# Work request
Starting at the line with "Some of the text", retype every line through the end of the listing exactly as written, and nothing before it.

# Given records
···

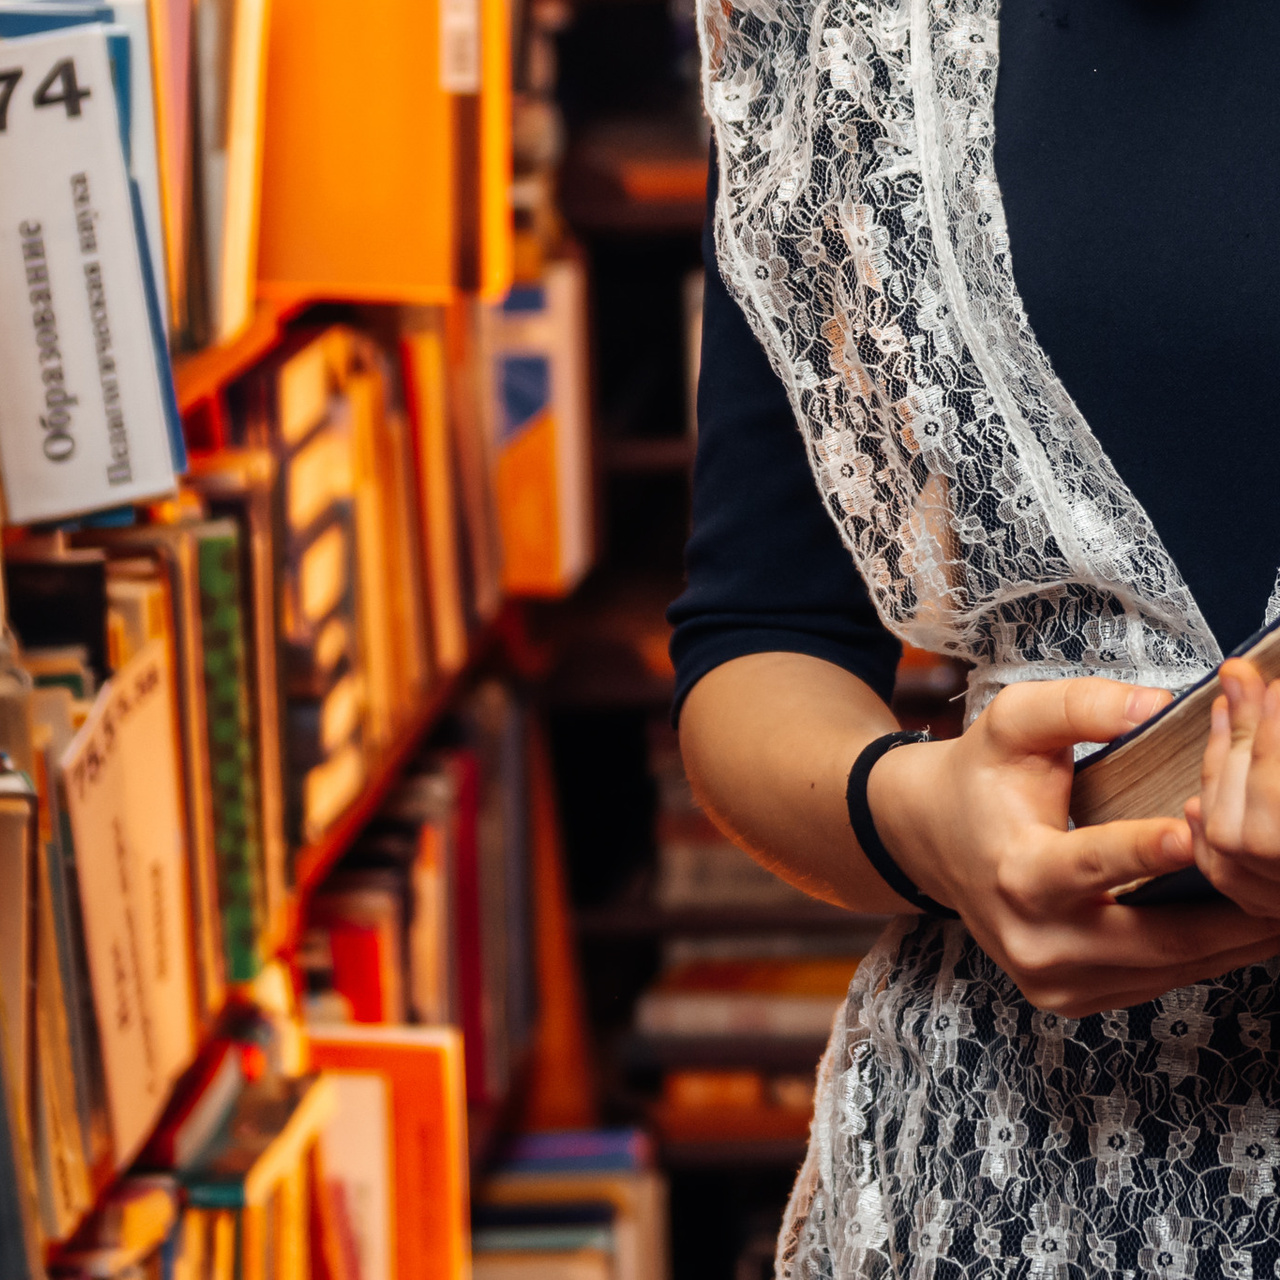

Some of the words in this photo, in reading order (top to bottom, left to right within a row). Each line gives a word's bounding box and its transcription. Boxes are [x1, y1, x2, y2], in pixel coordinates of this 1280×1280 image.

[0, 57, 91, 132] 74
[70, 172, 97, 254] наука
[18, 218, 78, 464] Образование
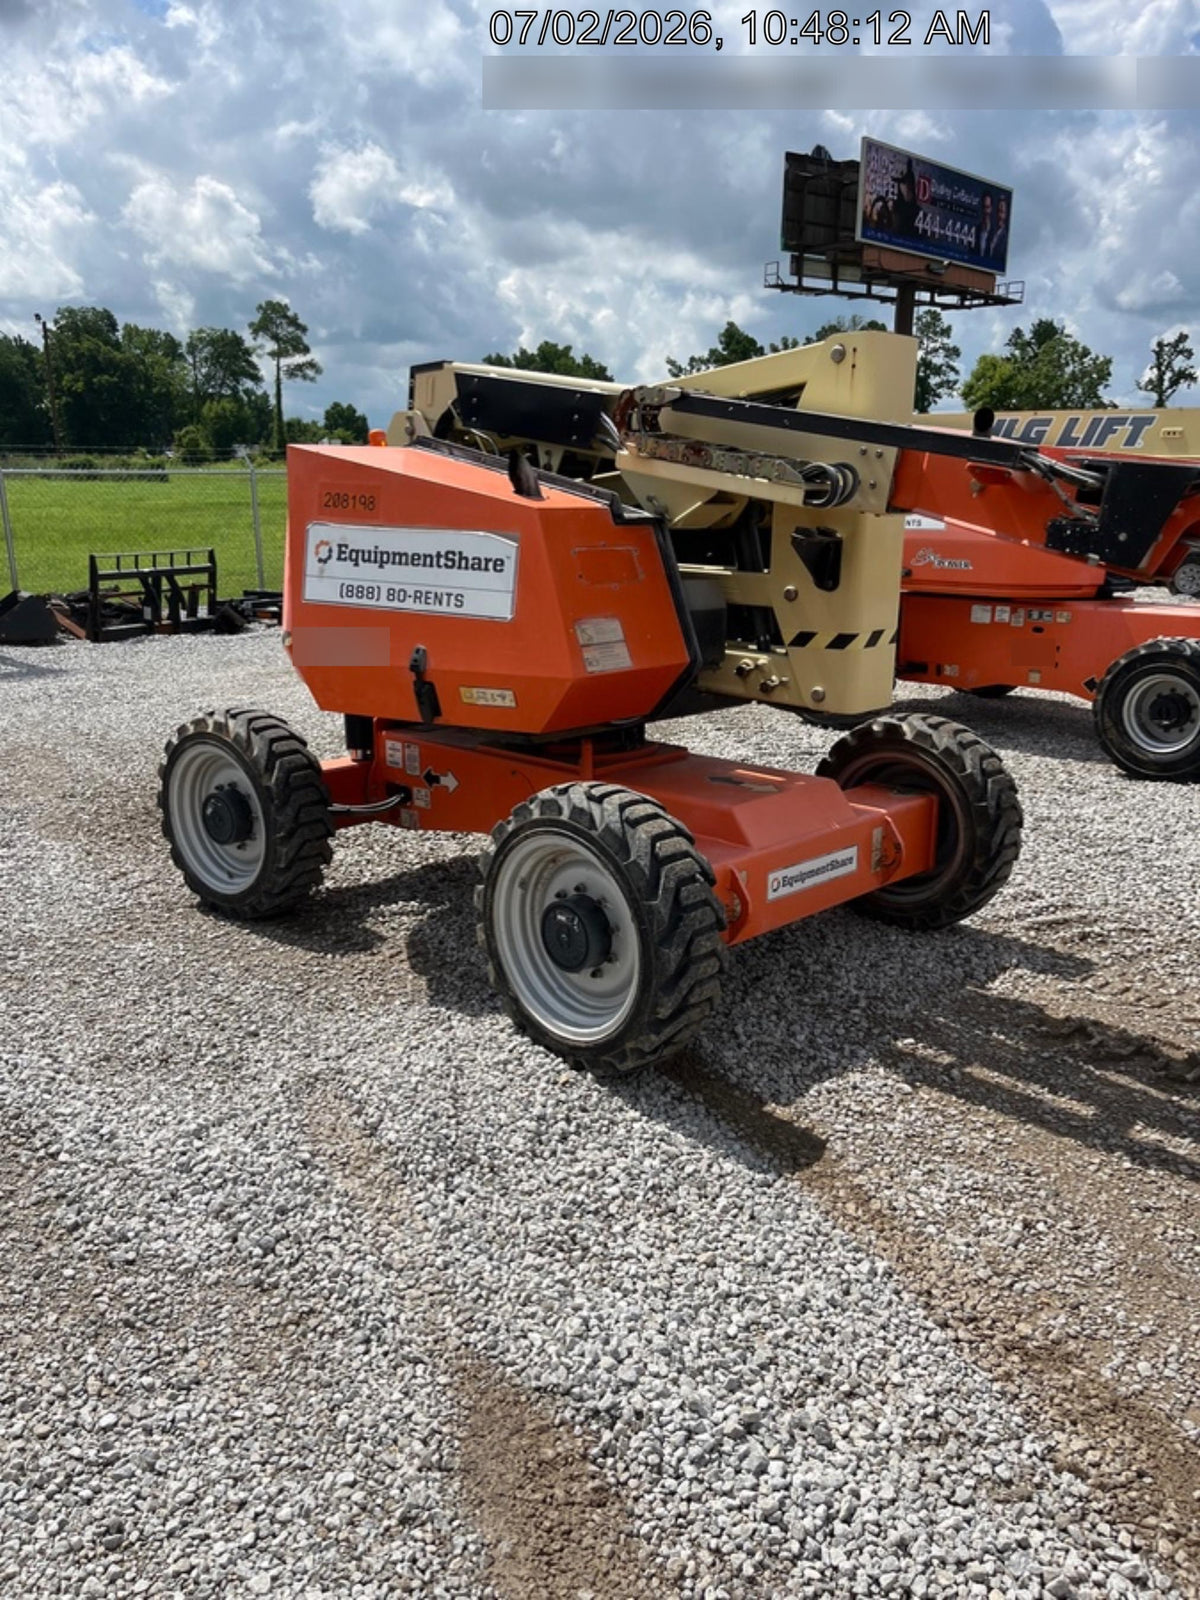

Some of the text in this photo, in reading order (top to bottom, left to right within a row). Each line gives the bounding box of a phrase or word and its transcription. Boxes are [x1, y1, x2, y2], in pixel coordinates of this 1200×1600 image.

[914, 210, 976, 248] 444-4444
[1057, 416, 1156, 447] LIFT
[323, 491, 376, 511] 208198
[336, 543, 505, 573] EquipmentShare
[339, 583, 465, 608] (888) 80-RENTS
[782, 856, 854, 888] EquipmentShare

···

# Worked solution
Some of the text in this photo, in reading order (top to bottom, left to right within a row). Each line gives the bounding box of a phrase or word and its transcription. Boxes are [x1, y1, x2, y2], in pixel coordinates of this 1200×1600 image.

[914, 210, 976, 248] 444-4444
[1057, 416, 1156, 447] LIFT
[323, 491, 376, 511] 208198
[336, 543, 505, 573] EquipmentShare
[339, 583, 465, 608] (888) 80-RENTS
[782, 856, 854, 888] EquipmentShare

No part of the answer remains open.